This has been extensively debunked by many medical sites, and Snopes. Here are some links:

From Snopes:

While carrots are a good source of vitamin A (which is important for healthy eyesight, skin, growth, and resisting infection), eating them won't improve vision. The purported link between carrots and markedly acute vision is a matter of lore, not of science. And it's lore of the deliberately manufactured type. In World War II, Britain's air ministry spread the word that a diet of these vegetables helped pilots see Nazi bombers attacking at night. That was a lie intended to cover the real matter of what was underpinning the Royal Air Force's successes: Airborne Interception Radar, also known as AI. The secret new system pinpointed some enemy bombers before they reached the English Channel. British Intelligence didn't want the Germans to find out about the superior new technology helping protect the nation, so they created a rumor to afford a somewhat plausible-sounding explanation for the sudden increase in bombers being shot down.
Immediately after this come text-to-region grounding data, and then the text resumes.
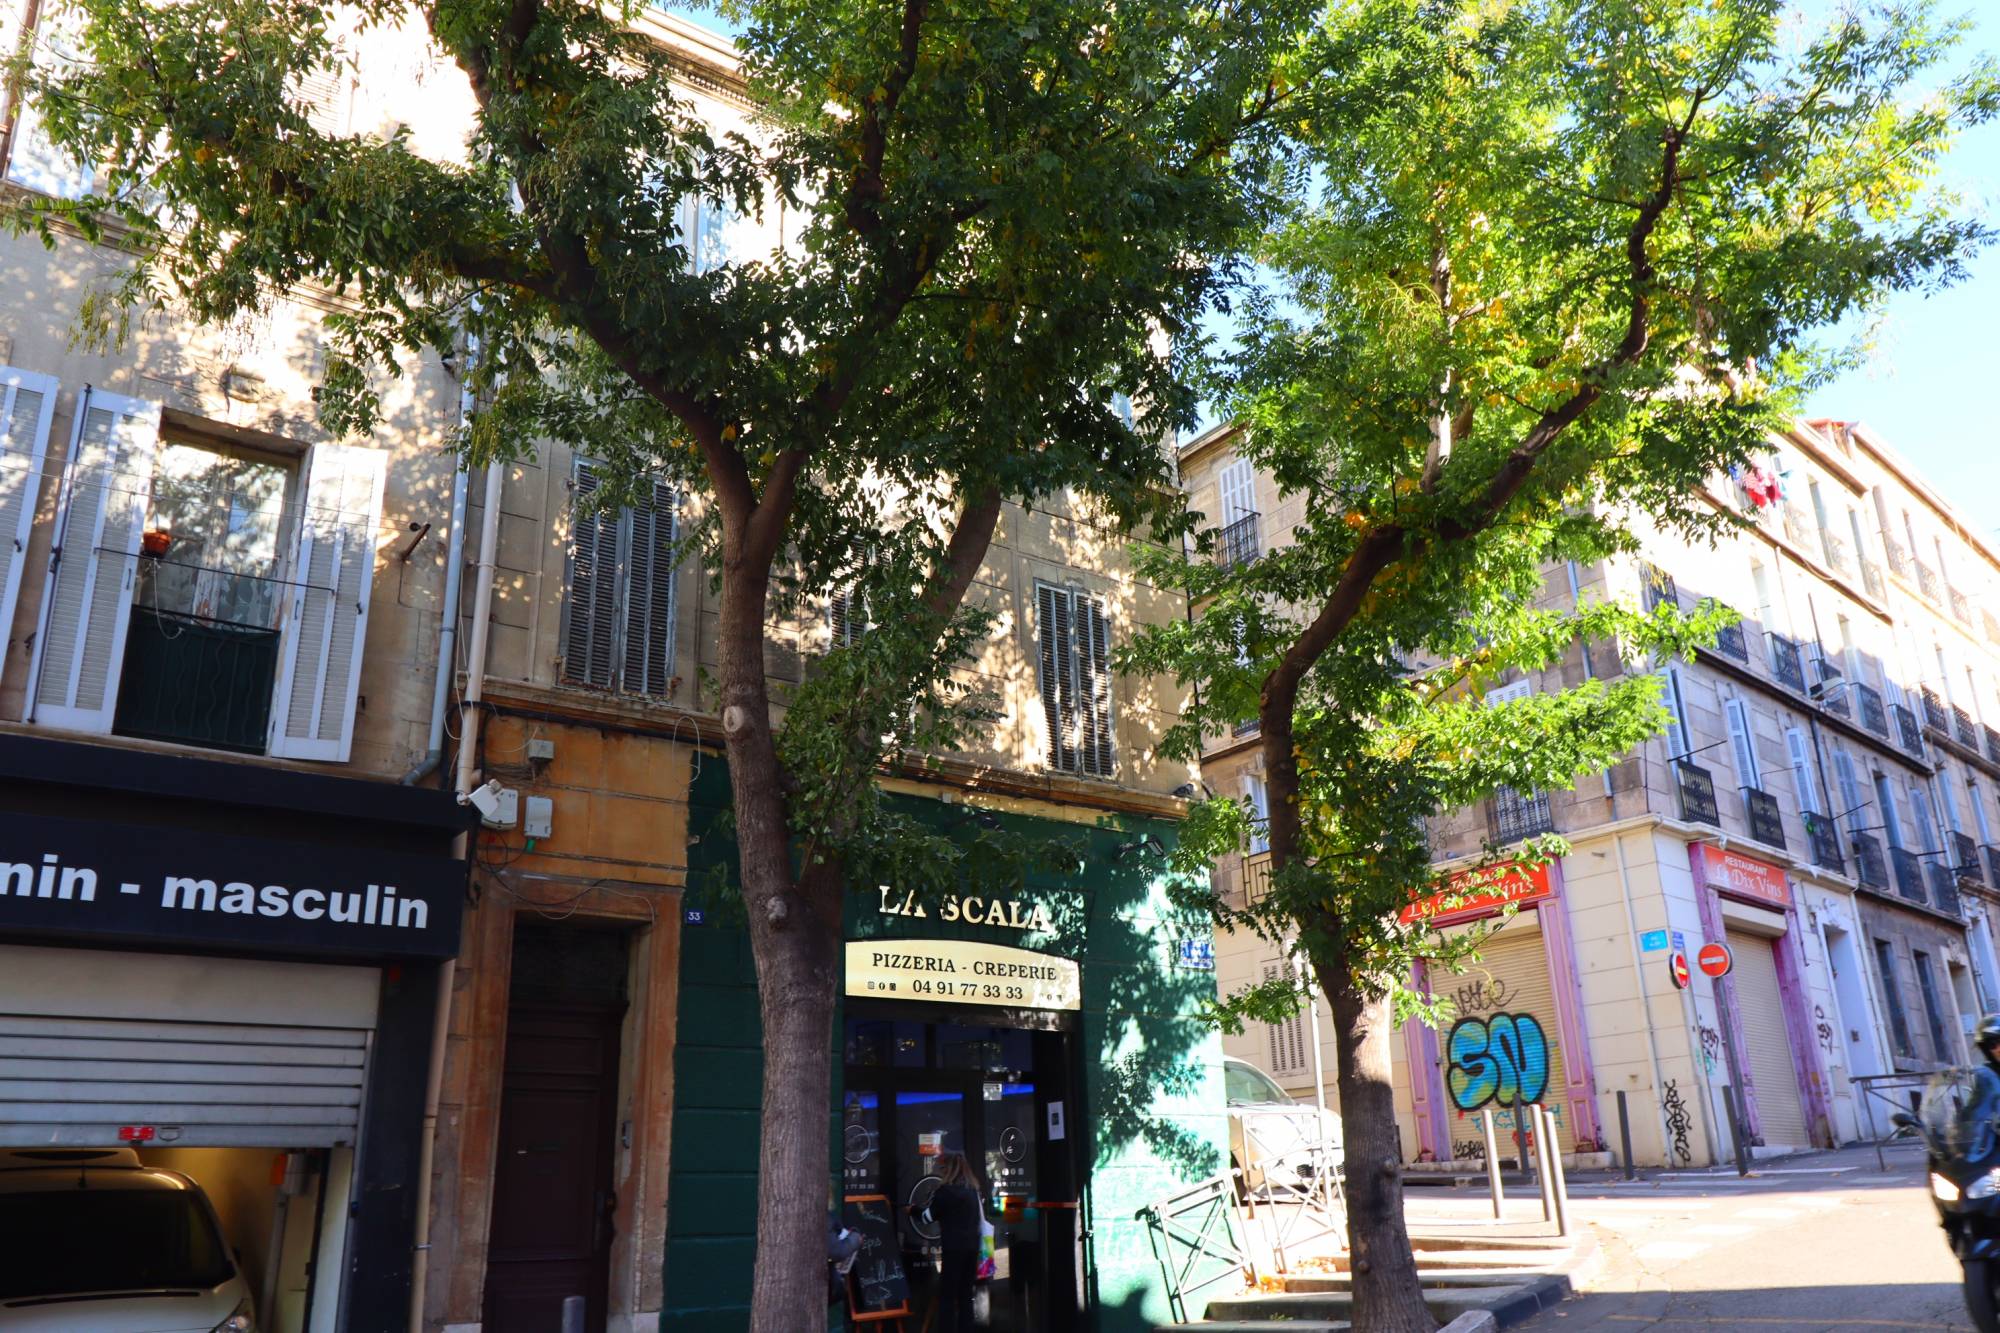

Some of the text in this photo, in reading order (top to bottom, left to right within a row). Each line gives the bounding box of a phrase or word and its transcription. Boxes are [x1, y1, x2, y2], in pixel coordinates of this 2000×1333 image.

[1724, 855, 1769, 876] RESTAURANT
[1731, 868, 1757, 890] Dix
[1756, 876, 1783, 898] Vins
[161, 876, 429, 929] masculin
[688, 911, 701, 921] 33
[879, 885, 1051, 933] LA SCALA
[872, 952, 956, 973] PIZZERIA
[973, 960, 1058, 980] CREPERIE
[912, 979, 1023, 1000] 04 91 77 33 33
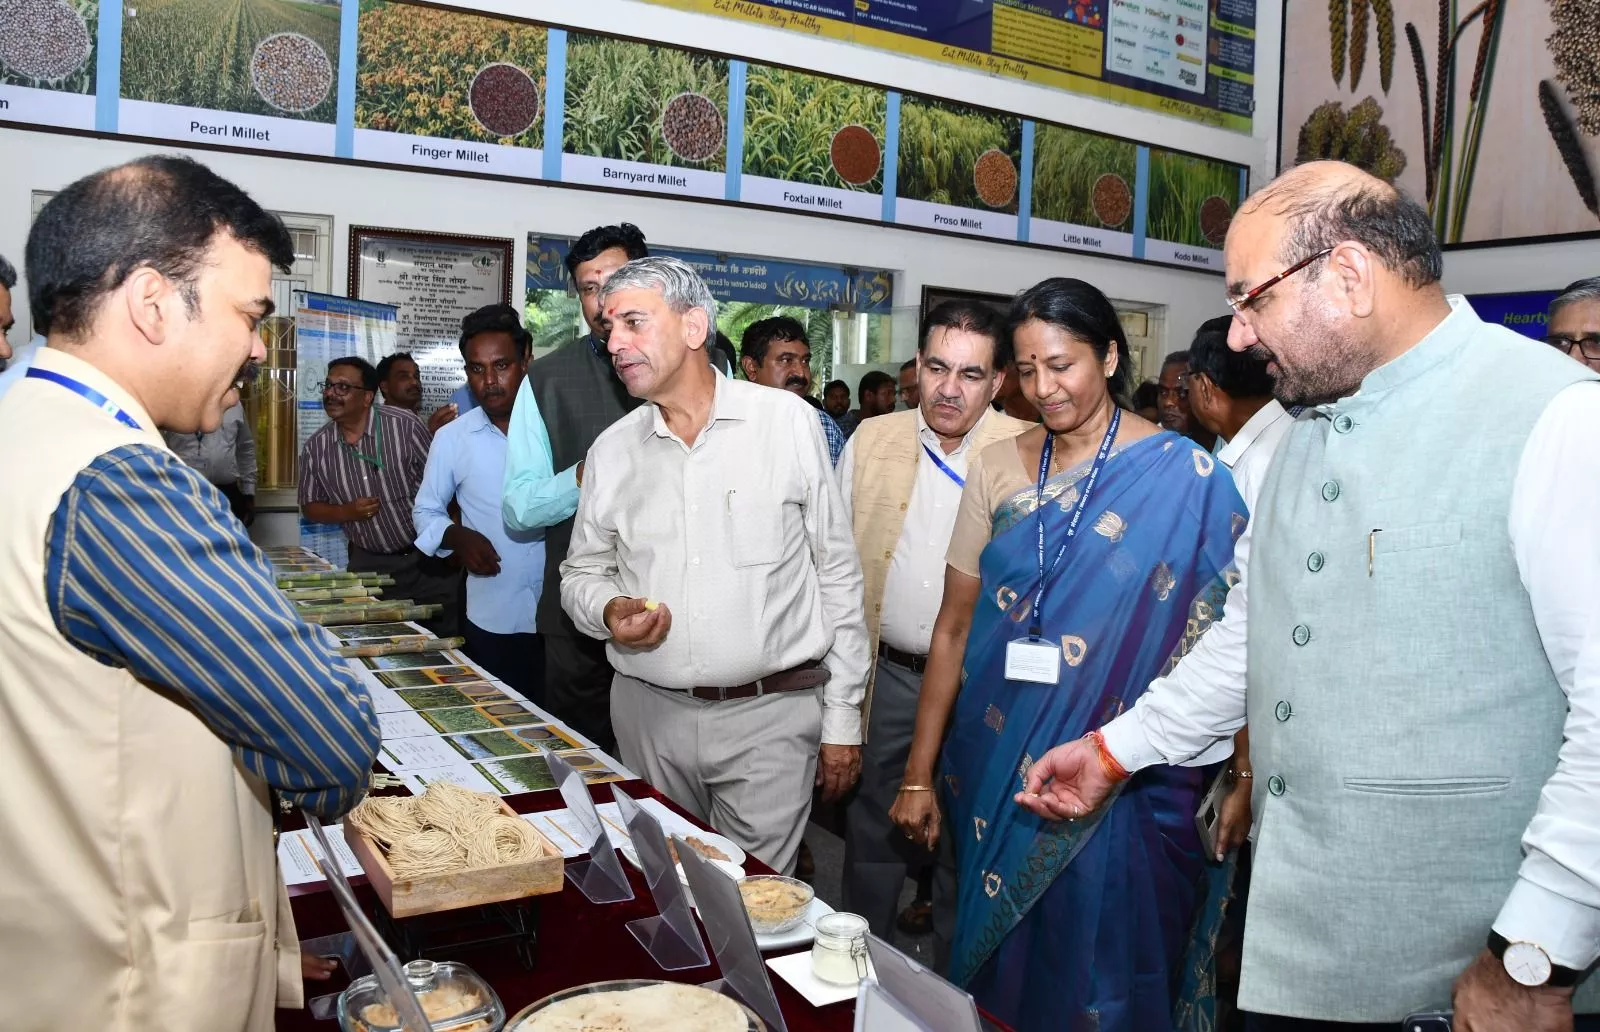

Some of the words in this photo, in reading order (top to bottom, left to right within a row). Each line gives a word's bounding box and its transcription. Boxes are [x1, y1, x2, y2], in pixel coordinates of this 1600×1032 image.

[803, 3, 817, 11] ICAR
[1028, 4, 1052, 16] Metrics
[768, 8, 787, 28] Stay
[790, 12, 821, 35] Healthy
[941, 47, 955, 60] Eat
[1003, 60, 1028, 80] Healthy
[191, 122, 228, 137] Pearl
[232, 125, 270, 141] Millet
[412, 144, 452, 163] Finger
[456, 148, 489, 163] Millet
[603, 167, 655, 186] Barnyard
[657, 174, 687, 187] Millet
[784, 192, 815, 206] Foxtail
[817, 196, 843, 209] Millet
[934, 214, 959, 227] Proso
[960, 218, 982, 230] Millet
[1063, 233, 1081, 245] Little
[1083, 237, 1102, 248] Millet
[1174, 251, 1191, 262] Kodo
[1192, 253, 1209, 265] Millet
[1503, 312, 1549, 325] Hearty
News stories began appearing in the British press about extraordinary personnel manning the defenses, including Flight Lieutenant John Cunningham, an RAF pilot dubbed "Cats Eyes" on the basis of his exceptional night vision that allowed him to spot his prey in the dark. Cunningham's abilities were chalked up to his love of carrots. Further stories claimed RAF pilots were being fed goodly amounts of this root vegetable to foster similar abilities.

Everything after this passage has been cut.